LOUISVILLE, KENTUCKY – NOVEMBER 20: Kelley O’Hara #5 of Washington Spirit celebrates after scoring during extra time against Chicago Red Stars during the NWSL Championship held at Lynn Family Stadium on November 20, 2021 in Louisville, Kentucky. (Photo by Tim Nwachukwu/Getty Images)

Chicago fans everywhere were hoping for a two-trophy summer after the city’s WNBA team won their first-ever championship earlier in October. With the Red Stars battling in the NWSL championship less than a month later, it was looking like the Windy City might become the temporary center of the women’s sports world.

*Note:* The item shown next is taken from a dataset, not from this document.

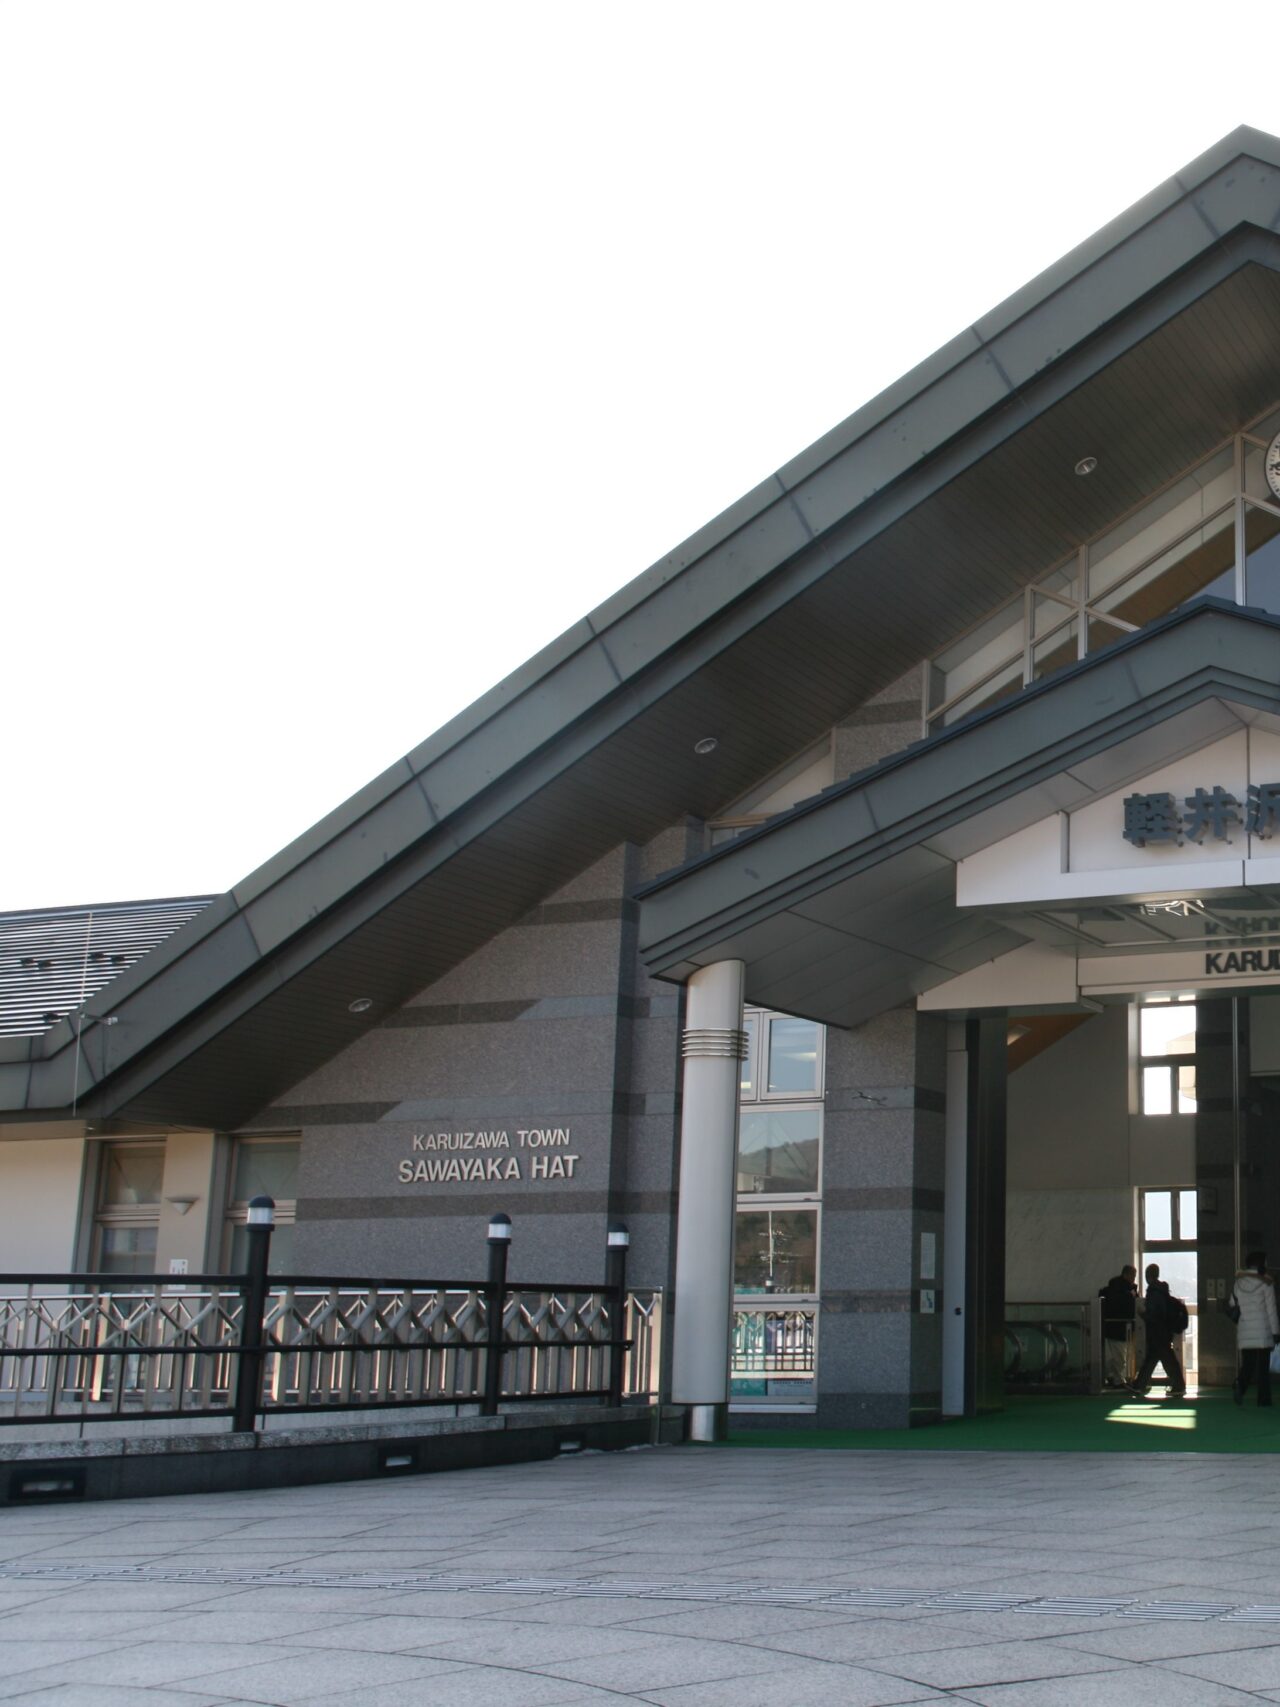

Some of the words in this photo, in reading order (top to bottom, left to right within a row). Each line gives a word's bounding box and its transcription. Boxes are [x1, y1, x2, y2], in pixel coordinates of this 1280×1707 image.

But the Washington Spirit had other plans. After Candace Parker went home to Chicago to lead the Sky to the title, it was Washington’s Kelley O’Hara who did the same thing Saturday, bringing a title to her adopted hometown of D.C. in her first season with the Spirit.

Not only that, she even scored the winning goal, heading home the game-winner in extra time to propel the Spirit to a 2-1 win.

O’Hara, who grew up in Georgia and attended Stanford University, moved to Washington, D.C. while playing for the Utah Royals (now the Kansas City Current) in order to be with her partner. The nation’s capital has since become the city she calls “home.”

“Since moving here, I’ve loved every second of it,” O’Hara said in December. “I love the city. Love the energy it brings. Love what it has to offer.”

If the 33-year-old didn’t appreciate the city as much as she did, she says she never would made the move from the Royals to the Spirit — a trade that happened in December 2020 in which Utah received $75,000 in allocation money and a first-round draft pick if O’Hara played in half the Spirit’s games in 2021 (she played 17 of 24 during the regular season).

Almost a year later, after a season in which her leadership played a major role in her young team’s success, O’Hara’s headed home the golden goal in the 97th minute to win Washington their first-ever NWSL title.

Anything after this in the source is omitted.